_BRIEF_. Retype every entry below without pictures.

_MATERIAL FOR THIS EXERCISE_.
·····

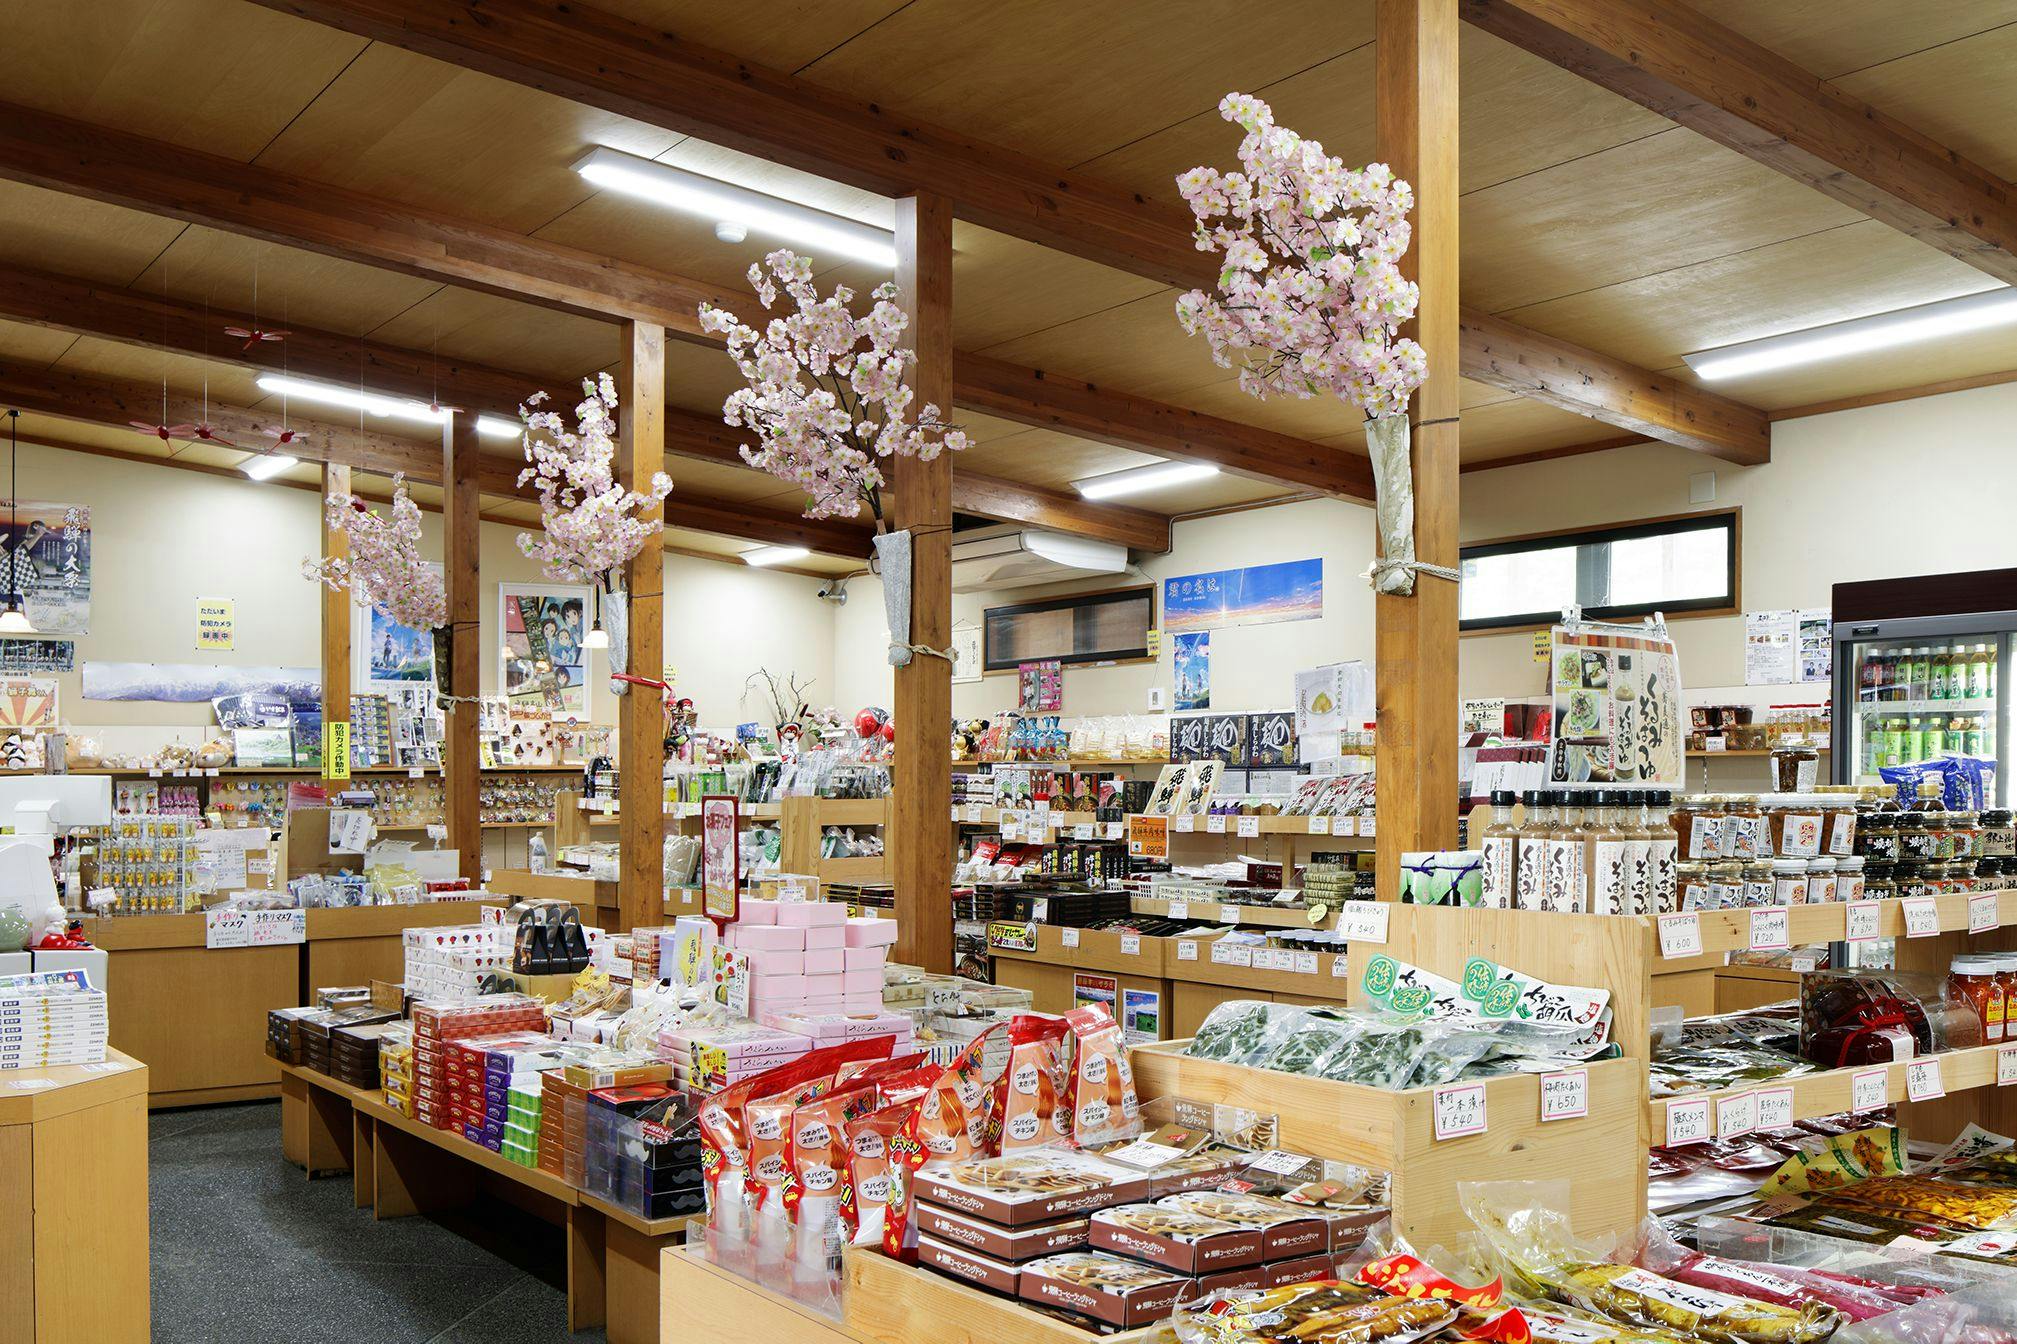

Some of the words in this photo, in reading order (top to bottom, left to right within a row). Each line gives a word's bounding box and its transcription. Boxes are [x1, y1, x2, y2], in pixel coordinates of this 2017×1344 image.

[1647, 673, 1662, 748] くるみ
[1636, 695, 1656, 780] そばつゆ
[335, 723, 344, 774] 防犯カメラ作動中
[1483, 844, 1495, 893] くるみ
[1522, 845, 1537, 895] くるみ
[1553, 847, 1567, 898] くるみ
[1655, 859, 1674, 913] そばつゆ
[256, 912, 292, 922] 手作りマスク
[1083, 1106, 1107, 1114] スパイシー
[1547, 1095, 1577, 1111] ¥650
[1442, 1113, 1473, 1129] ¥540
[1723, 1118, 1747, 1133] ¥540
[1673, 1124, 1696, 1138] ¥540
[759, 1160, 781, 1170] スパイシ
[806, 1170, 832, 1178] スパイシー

·····

_RESPONSE FOR THIS EXERCISE_.
Some of the words in this photo, in reading order (top to bottom, left to right within a row). Each line gives a word's bounding box and its transcription. Boxes are [x1, y1, x2, y2], in pixel coordinates of this 2017×1344 image.

[1647, 673, 1662, 748] くるみ
[1636, 695, 1656, 780] そばつゆ
[335, 723, 344, 774] 防犯カメラ作動中
[1483, 844, 1495, 893] くるみ
[1522, 845, 1537, 895] くるみ
[1553, 847, 1567, 898] くるみ
[1655, 859, 1674, 913] そばつゆ
[256, 912, 292, 922] 手作りマスク
[1083, 1106, 1107, 1114] スパイシー
[1547, 1095, 1577, 1111] ¥650
[1442, 1113, 1473, 1129] ¥540
[1723, 1118, 1747, 1133] ¥540
[1673, 1124, 1696, 1138] ¥540
[759, 1160, 781, 1170] スパイシ
[806, 1170, 832, 1178] スパイシー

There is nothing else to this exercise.